# BRIEF:
All the lines below should be set down exactly, with no picture carried into the copy.

*** STUDY MATERIAL ***

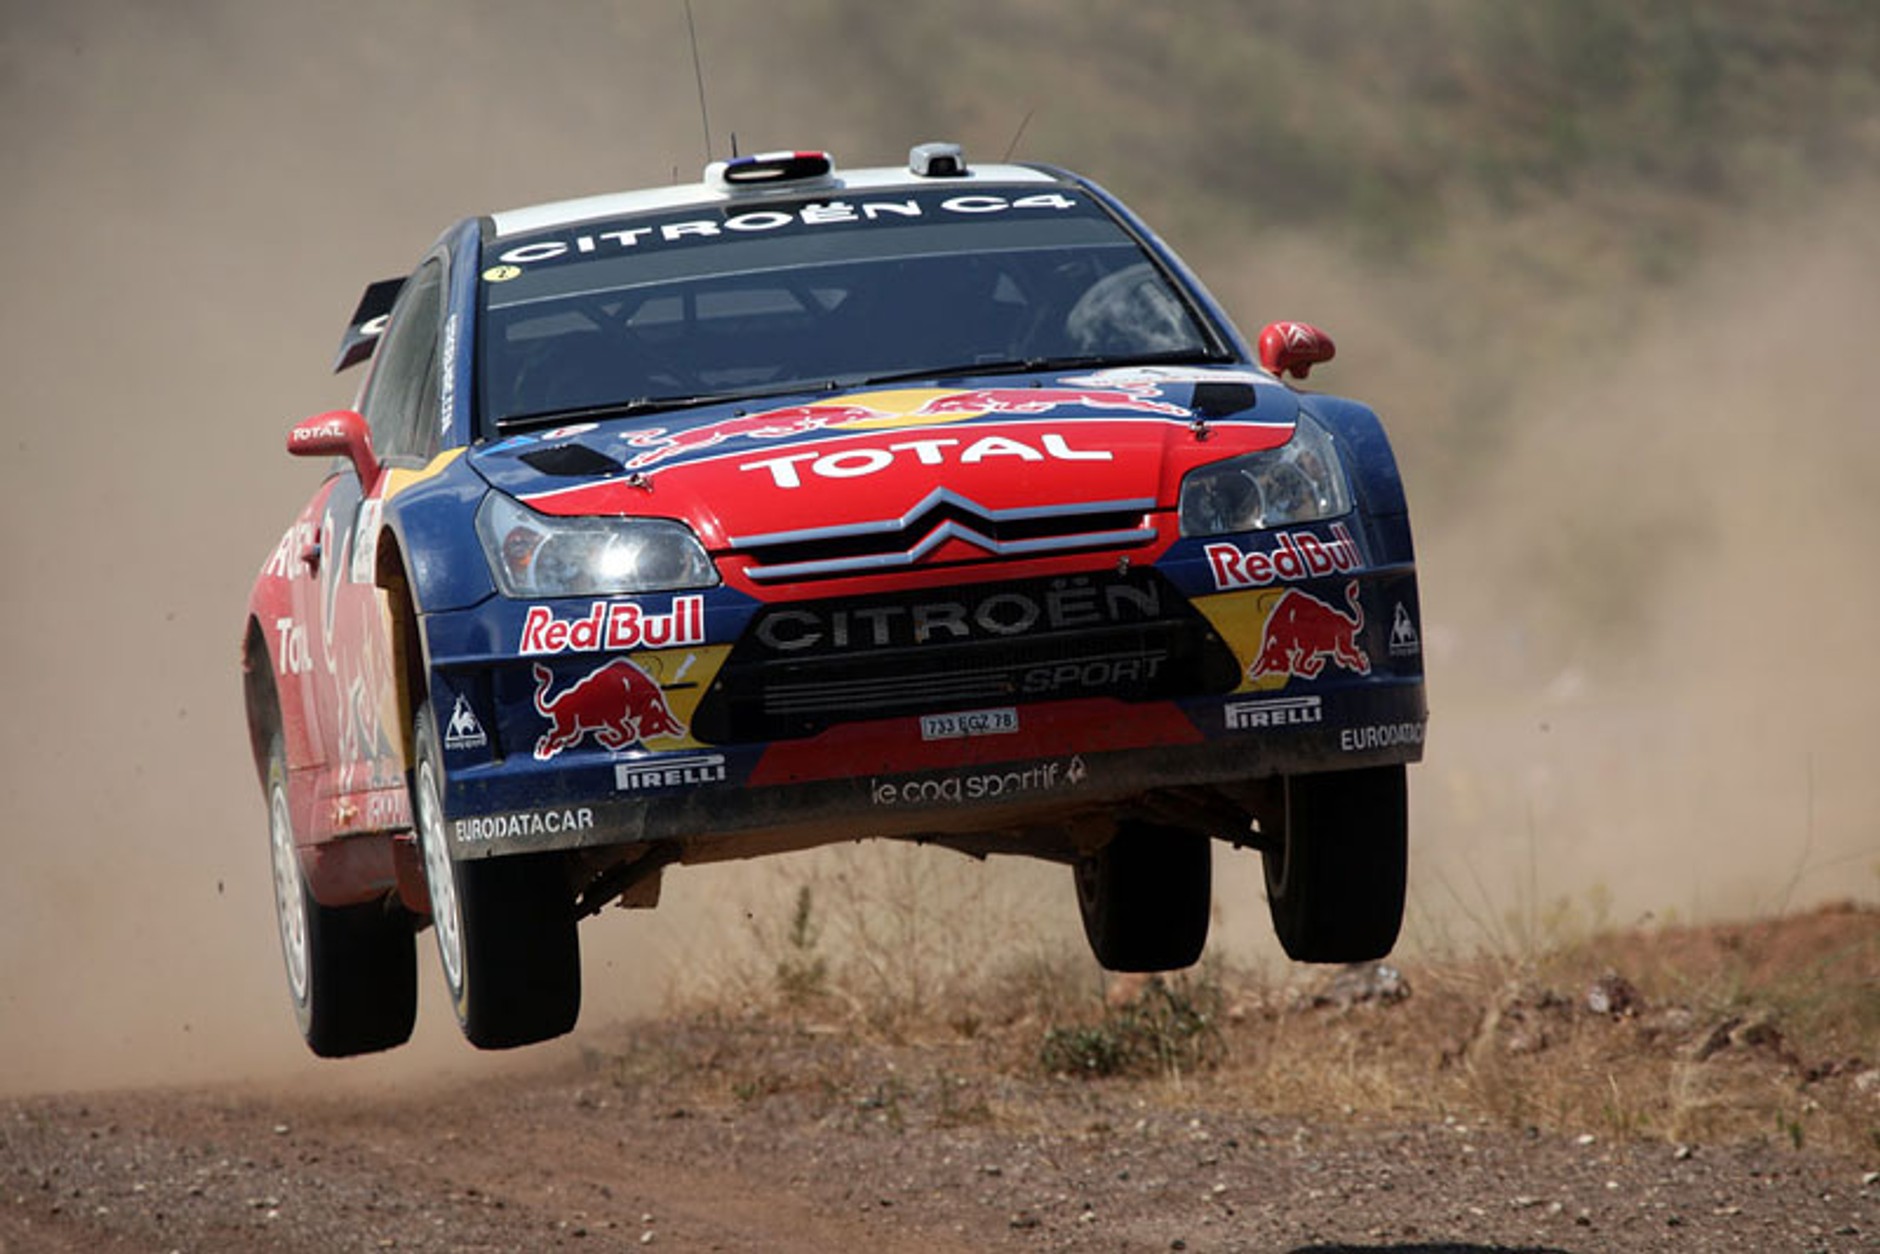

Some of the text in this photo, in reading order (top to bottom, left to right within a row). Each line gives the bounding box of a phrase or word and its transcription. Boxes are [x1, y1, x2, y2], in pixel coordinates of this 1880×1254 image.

[499, 194, 1077, 263] CITROËN C4
[292, 420, 345, 442] TOTAL
[739, 433, 1114, 489] TOTAL
[755, 576, 1161, 650] CITROËN
[1022, 654, 1167, 694] SPORT
[928, 719, 955, 735] 733
[994, 712, 1012, 729] 78
[1225, 696, 1322, 729] PIRELLI
[615, 754, 726, 791] PIRELLI
[871, 761, 1060, 805] le coq sportif
[455, 807, 594, 843] EURODATACAR
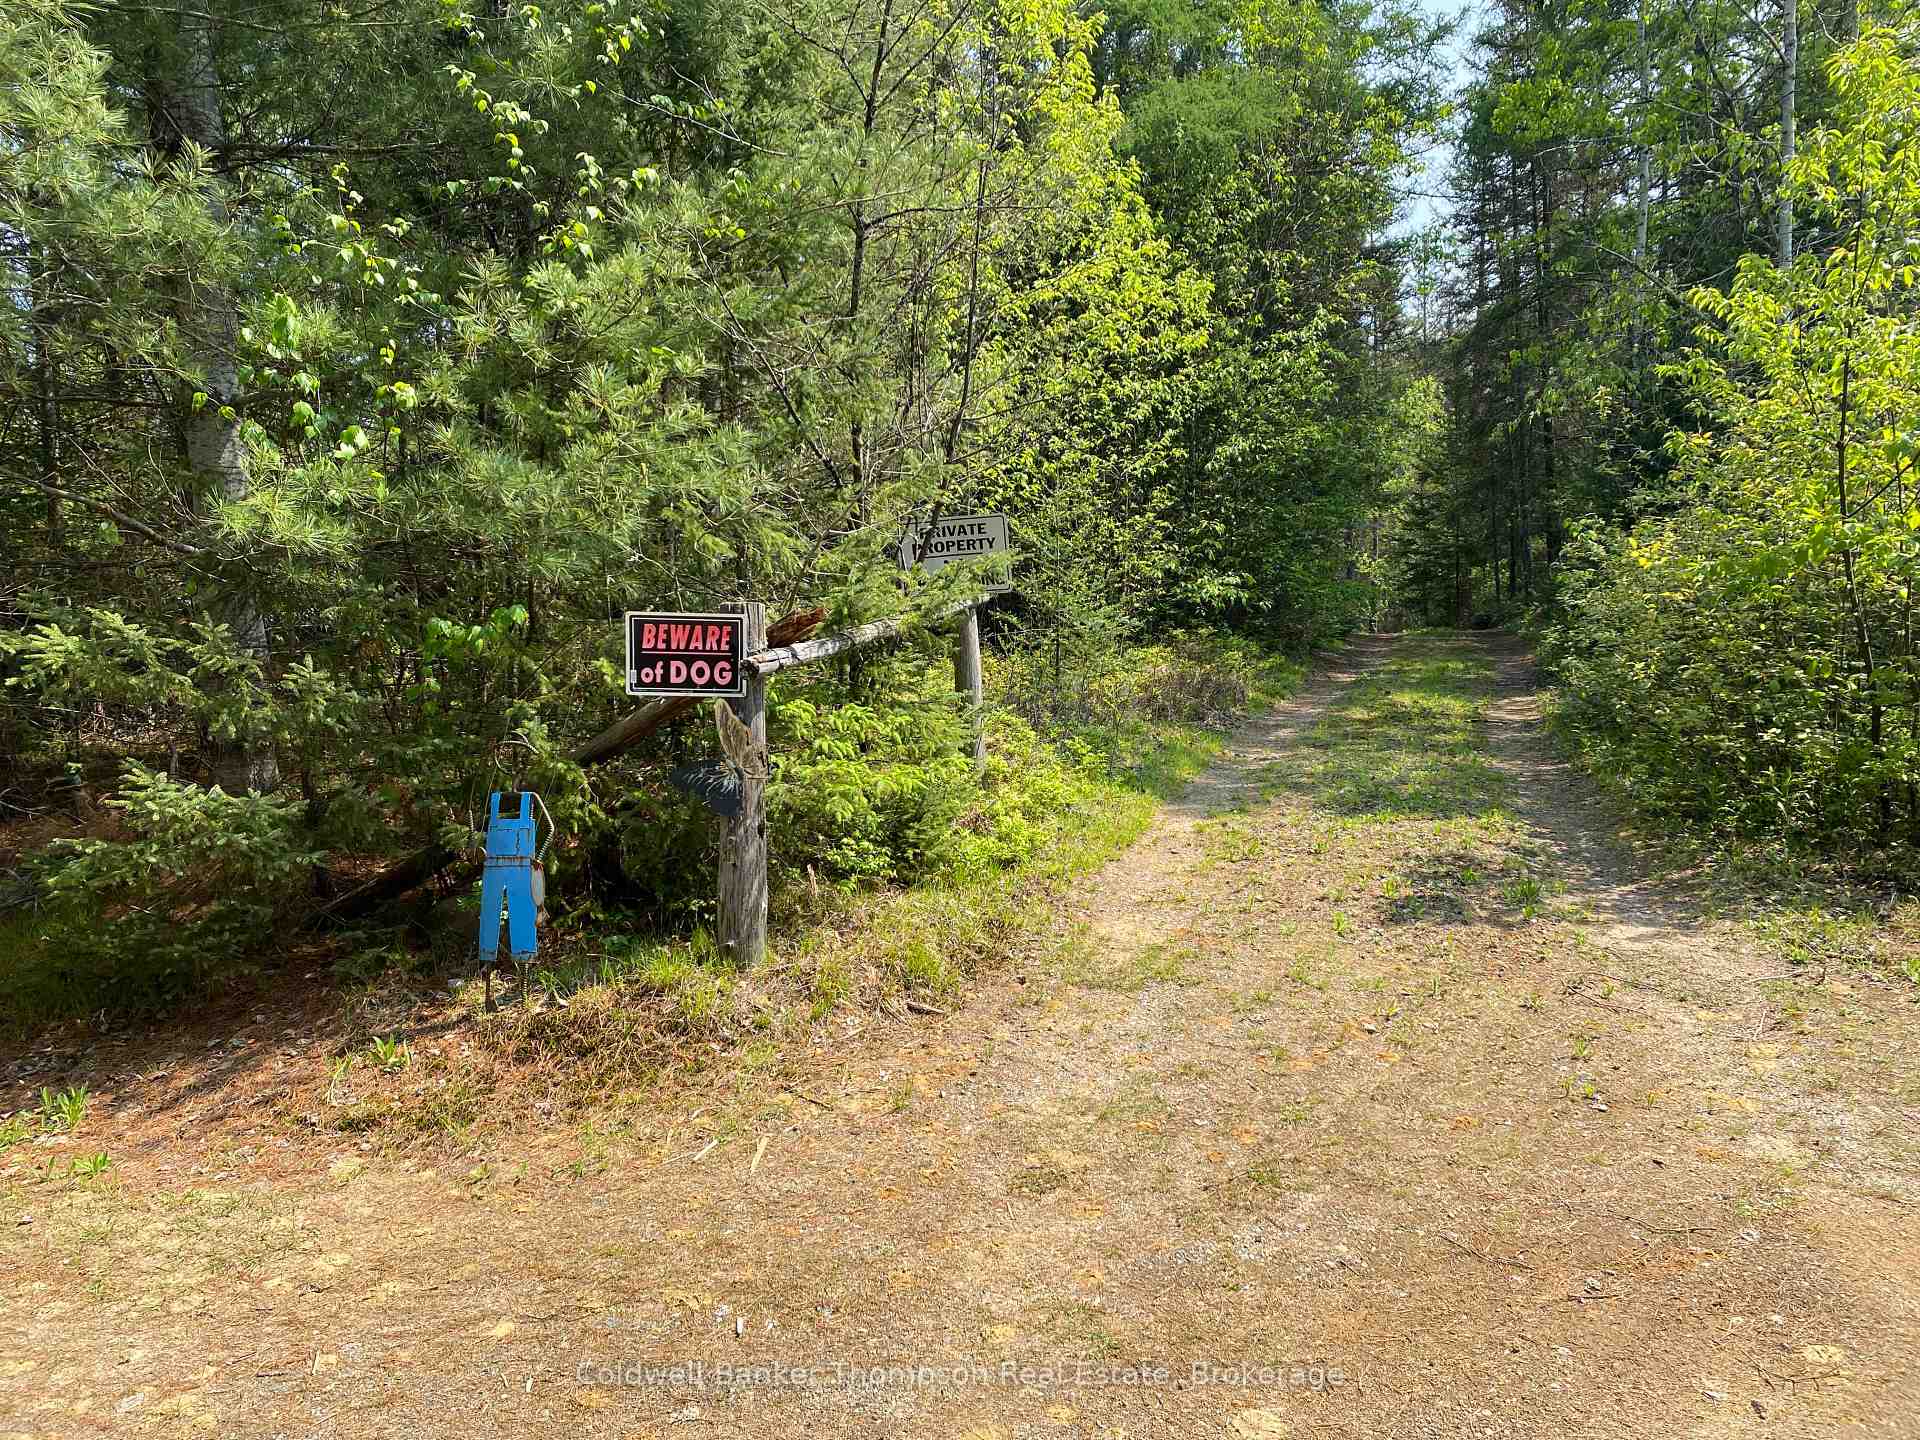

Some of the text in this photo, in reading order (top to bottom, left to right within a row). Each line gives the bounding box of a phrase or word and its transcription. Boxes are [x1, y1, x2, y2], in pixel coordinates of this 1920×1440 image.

[641, 623, 732, 651] BEWARE
[640, 660, 732, 685] of DOG
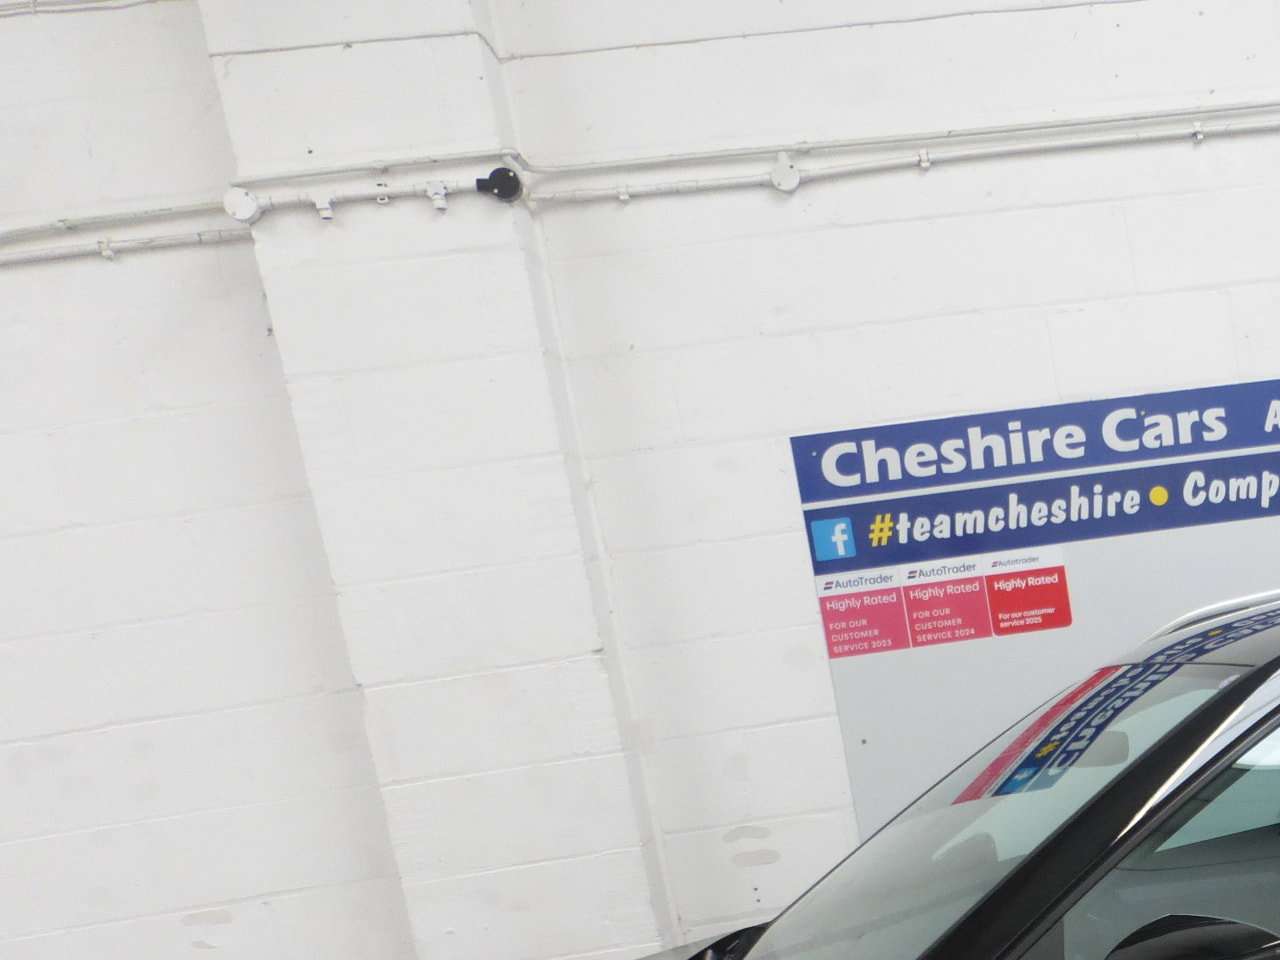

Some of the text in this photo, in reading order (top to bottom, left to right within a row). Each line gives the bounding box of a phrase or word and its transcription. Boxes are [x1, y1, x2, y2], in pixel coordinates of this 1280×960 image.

[821, 407, 1229, 488] Cheshire Cars
[868, 483, 1141, 548] #teamcheshire
[918, 562, 977, 579] AutoTrader
[834, 574, 894, 589] AutoTrader
[994, 573, 1059, 592] Highly Rated
[910, 581, 980, 601] Highly Rated
[826, 592, 897, 612] Highly Rated
[913, 607, 951, 620] FOR OUR
[829, 618, 868, 631] FOR OUR
[914, 618, 963, 632] CUSTOMER
[831, 629, 880, 642] CUSTOMER
[916, 631, 953, 643] SERVICE
[833, 641, 870, 653] SERVICE

*** End of STUDY MATERIAL ***

# WRITTEN SOLUTION:
Some of the text in this photo, in reading order (top to bottom, left to right within a row). Each line gives the bounding box of a phrase or word and its transcription. Boxes are [x1, y1, x2, y2], in pixel coordinates of this 1880×1254 image.

[499, 194, 1077, 263] CITROËN C4
[292, 420, 345, 442] TOTAL
[739, 433, 1114, 489] TOTAL
[755, 576, 1161, 650] CITROËN
[1022, 654, 1167, 694] SPORT
[928, 719, 955, 735] 733
[994, 712, 1012, 729] 78
[1225, 696, 1322, 729] PIRELLI
[615, 754, 726, 791] PIRELLI
[871, 761, 1060, 805] le coq sportif
[455, 807, 594, 843] EURODATACAR

Some of the text in this photo, in reading order (top to bottom, left to right within a row). Each line gives the bounding box of a phrase or word and its transcription. Boxes are [x1, y1, x2, y2], in pixel coordinates of this 1920×1440 image.

[641, 623, 732, 651] BEWARE
[640, 660, 732, 685] of DOG

Some of the text in this photo, in reading order (top to bottom, left to right within a row). Each line gives the bounding box of a phrase or word and its transcription. Boxes are [x1, y1, x2, y2], in pixel coordinates of this 1280×960 image.

[821, 407, 1229, 488] Cheshire Cars
[868, 483, 1141, 548] #teamcheshire
[918, 562, 977, 579] AutoTrader
[834, 574, 894, 589] AutoTrader
[994, 573, 1059, 592] Highly Rated
[910, 581, 980, 601] Highly Rated
[826, 592, 897, 612] Highly Rated
[913, 607, 951, 620] FOR OUR
[829, 618, 868, 631] FOR OUR
[914, 618, 963, 632] CUSTOMER
[831, 629, 880, 642] CUSTOMER
[916, 631, 953, 643] SERVICE
[833, 641, 870, 653] SERVICE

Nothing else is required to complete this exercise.